El abuso y el amor

Durante varios años, “Poliedro” fue la sección principal de las centrales de la revista Este País. Con el propósito de honrar a esa tradición impresa y renacer como EP en línea, hemos nombrado “Poliedro Digital” al blog semanal de la Redacción que, al tener diversos colaboradores, es como ese cuerpo geométrico de “muchas caras”.

Texto de 10/08/18

Durante varios años, “Poliedro” fue la sección principal de las centrales de la revista Este País. Con el propósito de honrar a esa tradición impresa y renacer como EP en línea, hemos nombrado “Poliedro Digital” al blog semanal de la Redacción que, al tener diversos colaboradores, es como ese cuerpo geométrico de “muchas caras”.

Hacia 1875, en Bélgica, Paul Verlaine disparó contra su amante, Arthur Rimbaud. Los poetas franceses se conocieron en 1871 y comenzaron pronto una relación que durante más de un siglo se ha catalogado de “apasionada”, señalándola como una forma natural del amor entre artistas: poetas, nada menos.

El disparo finalizó con la dependencia mutua y el abuso constante. En vez de matar a Rimbaud, Verlaine lo hirió la muñeca. La policía fue convocada de inmediato y se hizo un arresto no sólo por el daño infligido sino porque era conocido y en ese momento obvio que los dos hombres habían tenido relaciones sexuales, que eran amantes. En casi todo el mundo se consideraba por entonces a la homosexualidad como un delito punible, así que los gendarmes se llevaron a Verlaine bajo custodia. Fue castigado con dos años de prisión y, más aún, con el oprobio público.

Rimbaud era un chico malo (y tal vez más talentoso que su mentor) que tenía tan sólo 17 años cuando conoció a Verlaine, por entonces de 27 años. El más joven se portaba mal en todos lados y de una forma muy obvia: dejó una nota con forma de un mojón de mierda bajo la almohada de un amigo que lo había invitado a pasar la noche, le puso ácido sulfúrico en su bebida a otro conocido y se rehusó a pagar por el alquiler de ningún sitio e incluso a rechazar invitaciones poniendo como pretexto su propia mugre (liendres y piojos incluidos). Esta actitud se le quitaría con el tiempo, en el proceso que ahora llamamos madurez. Al paso de los años se volvería un soldado y mercader disciplinado y hermético, destinado a una vida frugal en Indonesia y África, y moriría a los 37 años.

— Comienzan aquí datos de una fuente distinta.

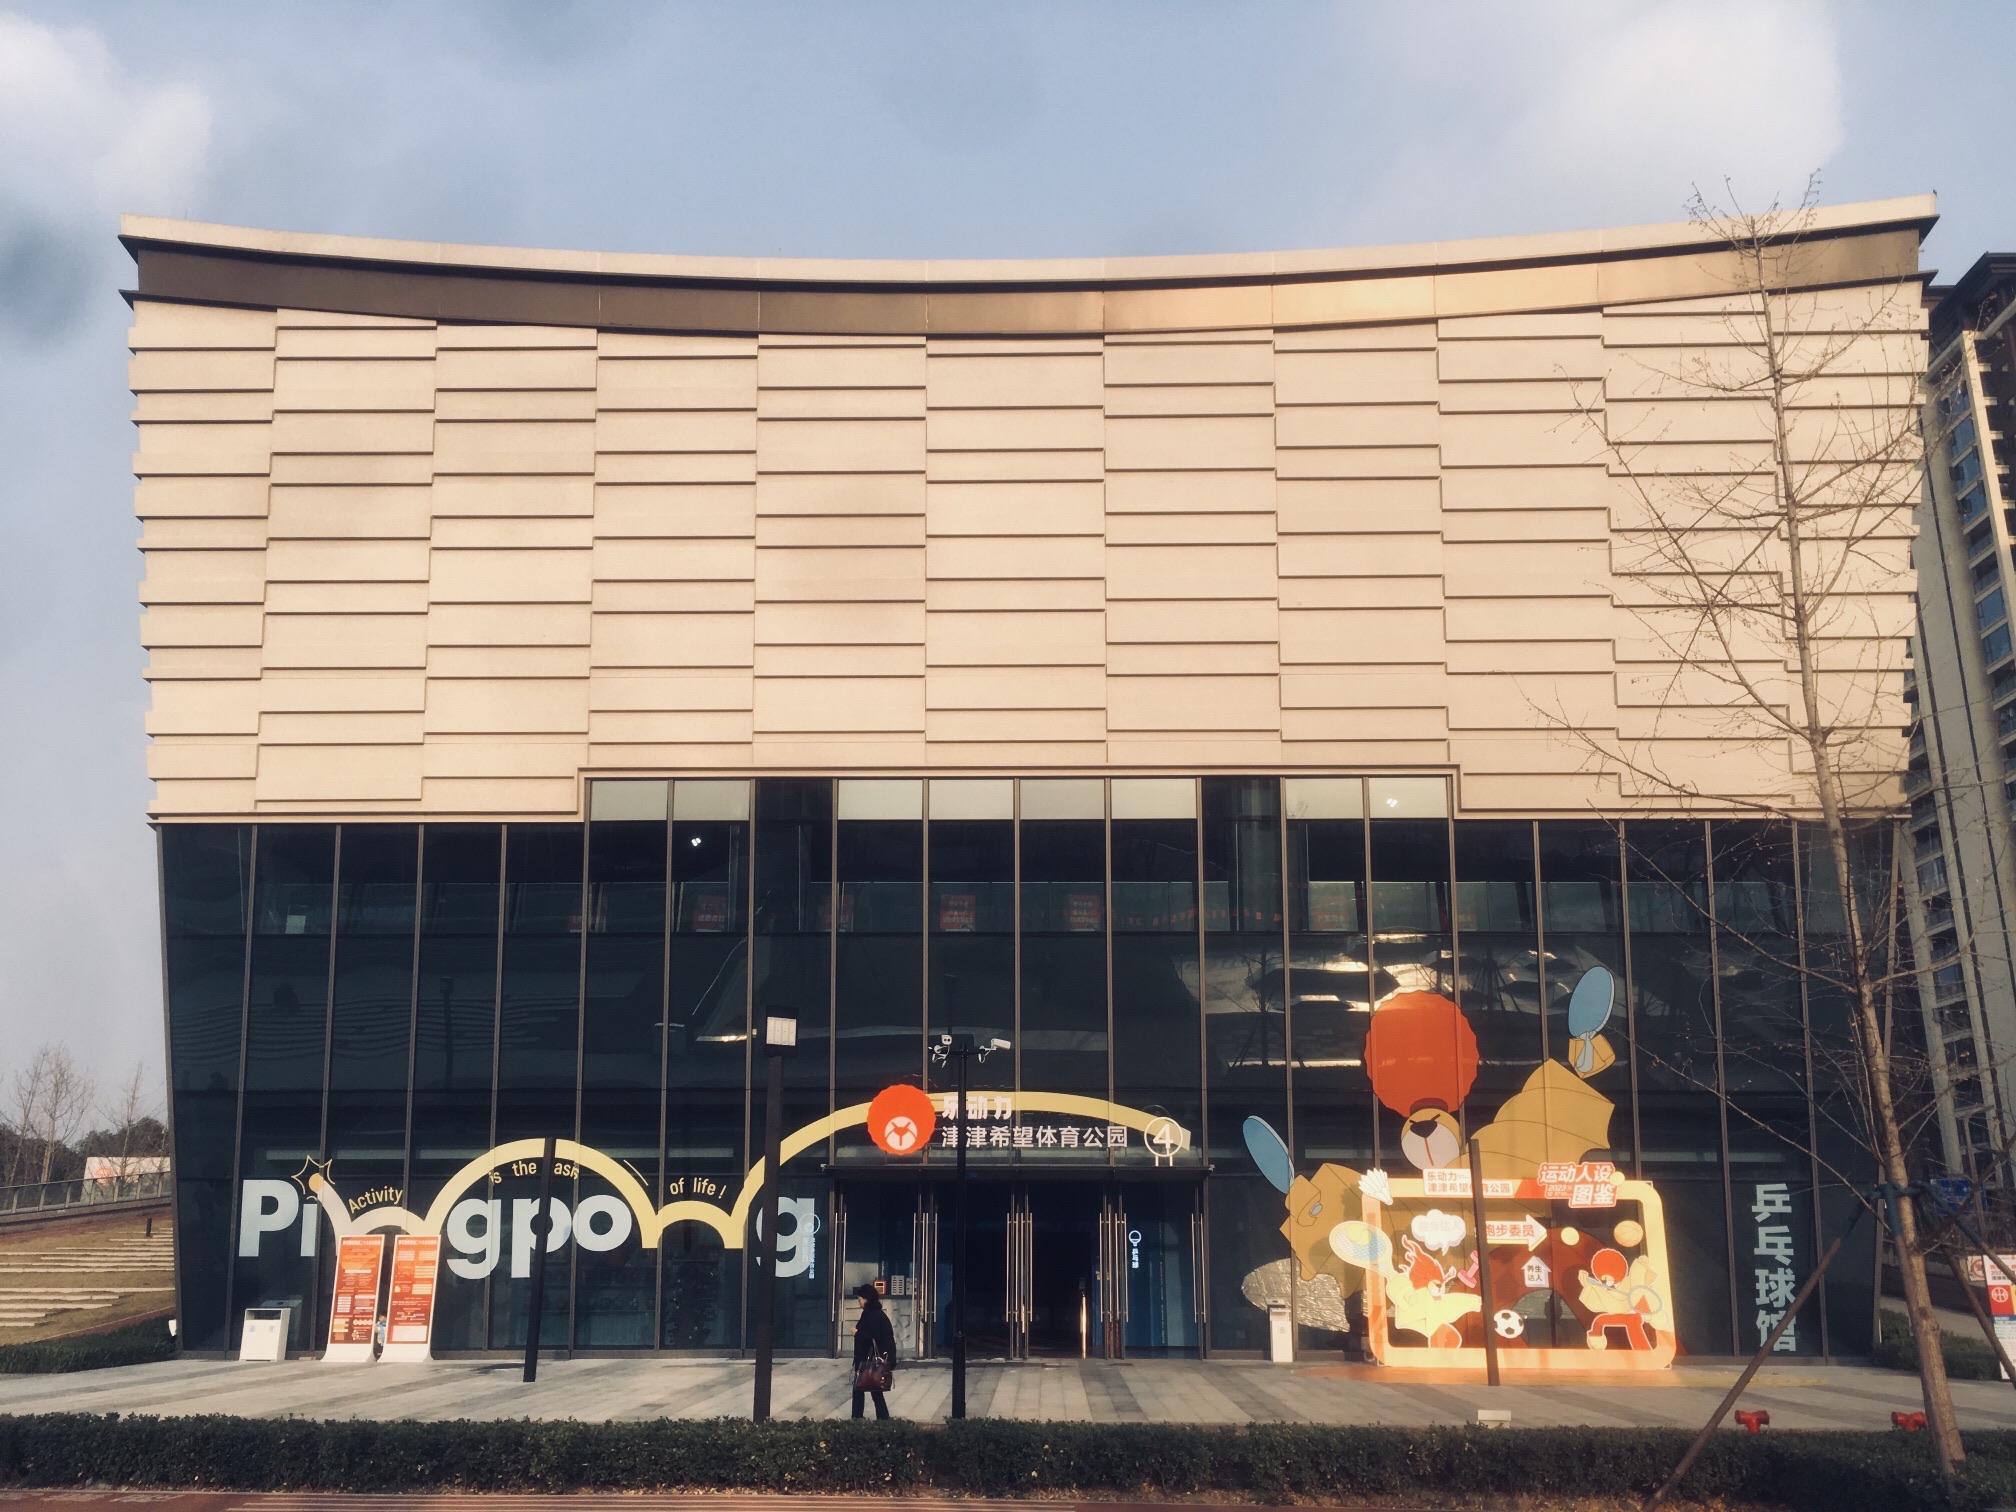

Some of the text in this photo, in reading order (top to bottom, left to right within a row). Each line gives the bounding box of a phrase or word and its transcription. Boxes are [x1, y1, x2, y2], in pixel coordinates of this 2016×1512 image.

Verlaine, en cambio, no sólo vivió atormentado sino que atormentó a los otros. Fue sujeto de Rimbaud durante un tiempo, pero para entregarse a eso hubo de maltratar horriblemente a su mujer, Mathilde Mauté, con quien se casó en 1870 cuando él tenía 26 y ella tan sólo 16. Verlaine era alcohólico que bebía grandes cantidades de absenta y que se comportaba como un maniaco un día sí y otro también. Golpeaba a Mathilde sin miramientos al grado tal que casi la hace abortar. Ya con un bebé, los golpes reiniciaron y le tocaron también al chiquito: el poeta lo arrojó contra una pared, como un fardo, cuando era todavía un niño de meses.

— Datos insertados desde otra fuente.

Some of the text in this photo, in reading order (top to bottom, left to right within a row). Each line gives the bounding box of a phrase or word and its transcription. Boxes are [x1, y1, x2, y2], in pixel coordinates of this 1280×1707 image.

La violencia acompañó siempre al autor de los Poemas saturnianos, incluso después de salir de la cárcel y convertirse al catolicismo. Era una violencia generalizada que empezaba con el daño personal y se extendía a los demás. Sus últimos años fueron de decadencia y rareza, vividos en la borrasca del alcohol, el descuido y el abuso. Lo rescató su obra y su propia extravagancia, que llamaba la atención y movía a la compasión.

Pero el paso del tiempo trae consigo cambio. Verlaine fue aclamado durante más de un siglo como el poeta crucial de Francia y fue uno de los más loados de su época. Se le admiraba y veneraba como a un artista puro. Su historia personal no hacía más que incrementar, si era posible, su calidad de héroe literario, de figura mítica: era visto como un alma atormentada a la que sólo el alcohol y los excesos podían dar un poco de alivio.

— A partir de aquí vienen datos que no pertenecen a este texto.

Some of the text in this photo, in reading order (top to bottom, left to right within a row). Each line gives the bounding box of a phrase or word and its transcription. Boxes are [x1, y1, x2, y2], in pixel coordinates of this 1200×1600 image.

Hoy los poetas son poco venerados y todavía menos leídos. Y la obra de Verlaine, parteaguas en su momento, tiene el tufillo de lo pasado y olvidado. Su vida íntima, en cambio, se ha vuelto de lo más actual. Las razones son las mismas que le dieron notoriedad en el siglo XIX, pero han cambiado de cariz. Si antes hubo escándalo por su homosexualidad, hoy lo que resalta es la relación dependiente, violenta y destructiva que tuvo con sus parejas y consigo mismo.

En Francia y Bélgica, a finales del siglo XIX, parecía relativamente normal que la pasión derivara en violencia; es más: era normal confundir el término. Y el arte y los artistas, tocados por la vara de la divinidad, vivían en un lugar distinto al común de los mortales. Para ser artista había que ser también una persona rara, fuera de las leyes de lo cotidiano.

Francia ha sido el lugar del romance y la pasión en el imaginario colectivo. No se anhela una luna de miel en Tula, Hidalgo, sino en París, Francia. La noche parisina concita sentimientos tumultuosos, lugares comunes y deseos auténticos. La idea que nos hemos hecho de los franceses está asociada de alguna manera a esta fantasía; pensamos que los habitantes de la tierra del croissant, el vino tinto y los quesos suaves viven entregados a los placeres de la carne. Con Medianoche en París (2011), Woody Allen jugó con nuestros estereotipos. En la ciudad de la Torre Eiffel, según la película, están los artistas y el amor, la posibilidad erótica y la creativa. Nada más natural, entonces, que fuera en Francia y en París donde Verlaine y Rimbaud se conocieran y se hicieran amantes feroces y creadores totales.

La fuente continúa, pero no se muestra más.